Cartoon Gone Wild: The Unauthorized, Gritty Adventures Of Tintin (PHOTOS)

PHOTOS: The Unauthorized, Racy Adventures Of Tintin

Editor's note: This article contains graphic descriptions that may be upsetting to some readers.

When Herge died in 1983, many assumed that Tintin would retire to Marlinspike Hall, giving up his life of adventure. Ever unpredictable, the boy detective did exactly the opposite: He headed out into the big bad world and set about losing the innocence his illustrator had been so intent on preserving.

Over the last several decades, Tintin has popped up on posters and t-shirts throughout the world that document his new adventures, from binges in Barcelona to bad trips in Goa. The Belgian illustration has, despite the best efforts of the litigious Herge Foundation, become our foremost traveling subversive, an ex-investigator under perpetual investigation.

In 2001, a man operating under the name Bud E. Weyser approached a bookseller in Belgium and attempted to sell him copies of a new Tintin adventure entitled "Tintin in Thailand." Unfortunately for Mr. Weyser, the shady book dealer was an undercover cop and the sting operation landed him and his two accomplices -- the villains here being rather Tintinian in their incompetence -- in the clink. They also ended up in the pages of Belgian newspaper De Morgen, which reported that the Herge Foundation, known locally as Moulinsart, had tipped off the cops.

Though the Belgian police confiscated over a thousand copies of the lewd comic, a few have remained in circulation. In Thailand, where the comic was printed, some of the illustrations are now printed on tchotchkes for sale at Chatuchak market. The images of Tintin getting down in a gay bar with rent boys are particularly memorable if not quite as offensive as Snowy's interspecial coupling with Chang, the duo's compatriot from "Tintin in Tibet."

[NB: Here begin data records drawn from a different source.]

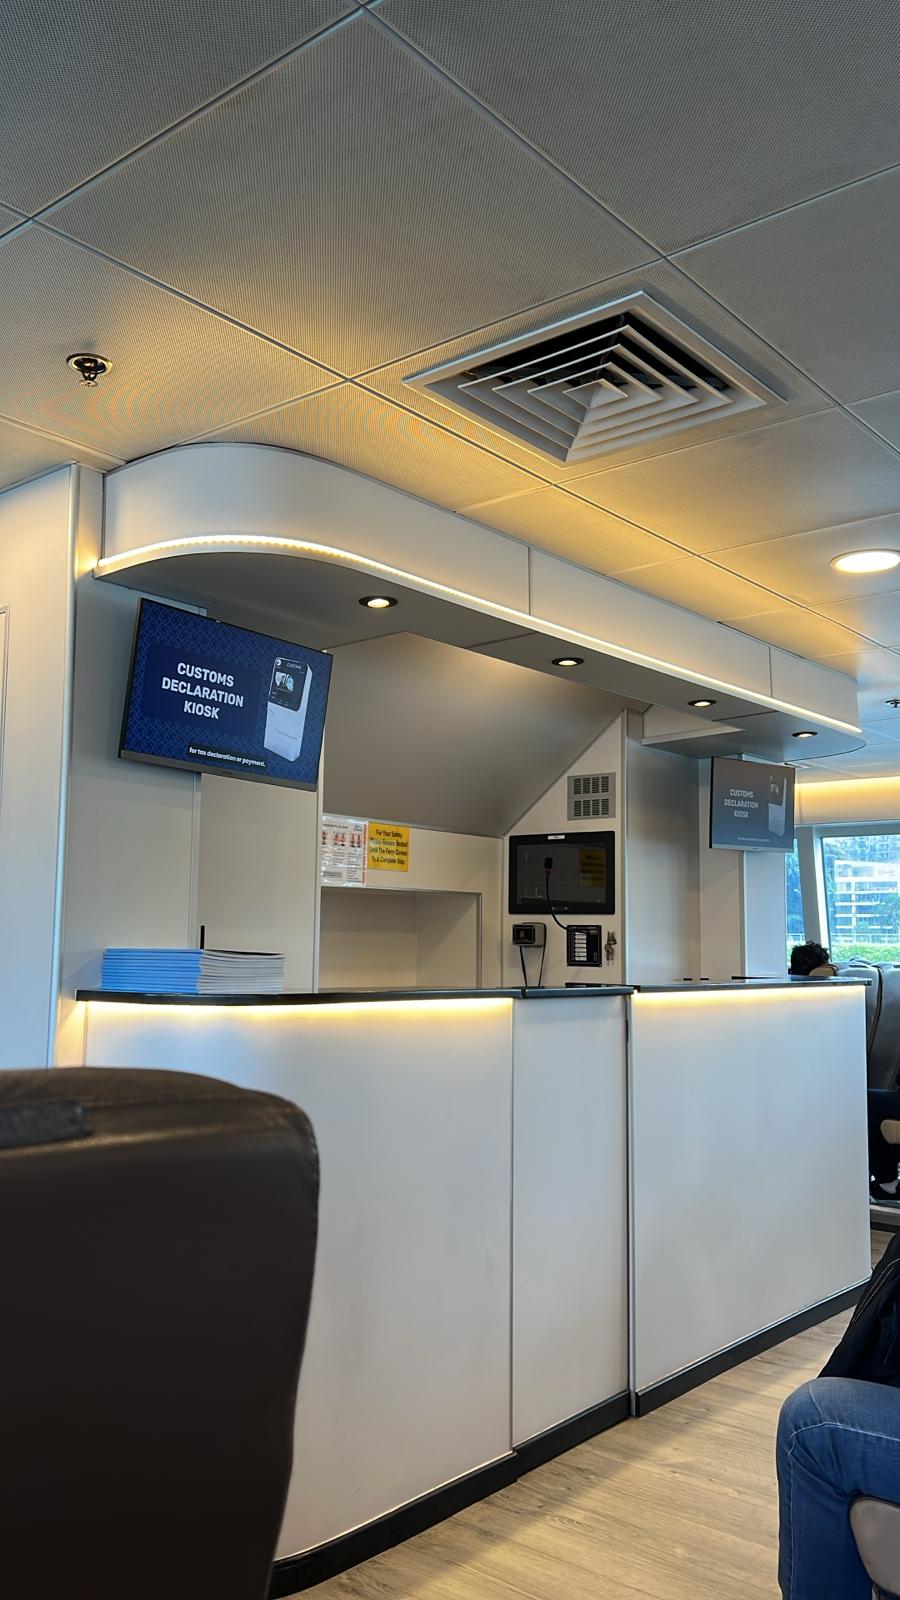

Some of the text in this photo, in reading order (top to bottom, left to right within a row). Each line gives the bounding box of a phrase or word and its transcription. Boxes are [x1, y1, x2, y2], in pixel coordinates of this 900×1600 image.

[177, 662, 235, 687] CUSTOMS
[161, 677, 244, 707] DECLARATION
[183, 700, 220, 720] KIOSK
[189, 746, 198, 754] for
[206, 750, 236, 762] declaration
[242, 758, 266, 768] payment.
[724, 798, 759, 809] DECLARATION
[729, 788, 754, 799] CUSTOMS
[734, 810, 749, 818] KIOSK

Thanks to longstanding rumors about Tintin's sexuality and due to his clean-cut image, the "Tintin in the gutter" motif has become quite popular. The French street artist Dran has depicted Tintin leading a muzzled Snowy through a filthy Paris subway during a transit strike and hungover in a Barcelona alley. Much like the "Tintin Loses the Plot In Goa" shirt that shows the boy wonder with a constellation of stars around his head and wearing bell-bottoms, these works playfully critique a certain type of hedonistic travel -- the sort of backpacking that is less about the destination than about the substances one imbibes after arriving.

If Tintin once traveled through a landscape full to brimming with exotic people and pristine vistas, he now wanders a fallen world, stepping over the prone bodies of backpackers and spring breakers. So much for the sanctity of Syldavia. So much for Bordurian authenticity.

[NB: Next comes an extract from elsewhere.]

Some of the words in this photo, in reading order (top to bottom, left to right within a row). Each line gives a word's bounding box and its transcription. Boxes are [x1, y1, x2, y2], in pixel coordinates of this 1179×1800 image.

So much, in fact, for the rules of Tintin as laid out in Moulinarts' "Charter for the use of visuals from the work of Herge," which makes it illegal to "reproduce visuals taken from the work of Herge to illustrate themes linked to money, politics, the medical or paramedical field, sex, weapons, alcohol, drugs and tobacco."

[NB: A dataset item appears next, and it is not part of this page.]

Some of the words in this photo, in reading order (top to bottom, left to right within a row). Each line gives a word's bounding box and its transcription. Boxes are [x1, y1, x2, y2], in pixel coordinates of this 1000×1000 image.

When he's not getting off, drunk or high, the new, edgy Tintin is busy violating his charter by getting embroiled in international relations. His fictional world has adopted reality and, more ominously, reality has impinged on his imagined world.

"I went back home to visit Iran after nine years and I ended up getting arrested, losing my Iranian passport and being stuck for a year and eight months as I was interrogated by secret police and interviewed by different courts," said the animator Zartosht Soltani, whose illustration of "Tintin in Tehran" attracted the attention of government censors. "I was only planning to be home for a two-week vacation."

Soltani's drawing shows the corpse of Snowy, who has been hit by a car driven by government agents. Unfortunately, this is a reference to an actual incident: Basiji agents, members of a pro-government Islamic militia, ran over Soltani's dog and didn't so much as stop to apologize. Captain Haddock, who looks on, is portrayed as an extremist cleric.

The Afrikaner artist Anton Kannemeyer has also adopted the Tintin aesthetic to critique the West's ongoing infatuation with Africa. In his "Pappa in Afrika," a character who looks like a balding Tintin sits in a jalopy amongst starving and dismembered Africans whose faces are twisted into the same racist smear of lips and nose Herge deployed. The original illustrator did not, however, ever show Tintin wrestling with a snaking, black penis and shouting, "Oh my god!! These black dicks are outta control!" Kannemeyer does this in service of dissecting the mix of guilt, fear and patronage that has supplanted the simpler racism of Herge's day as the basis of the West's relations with Africa.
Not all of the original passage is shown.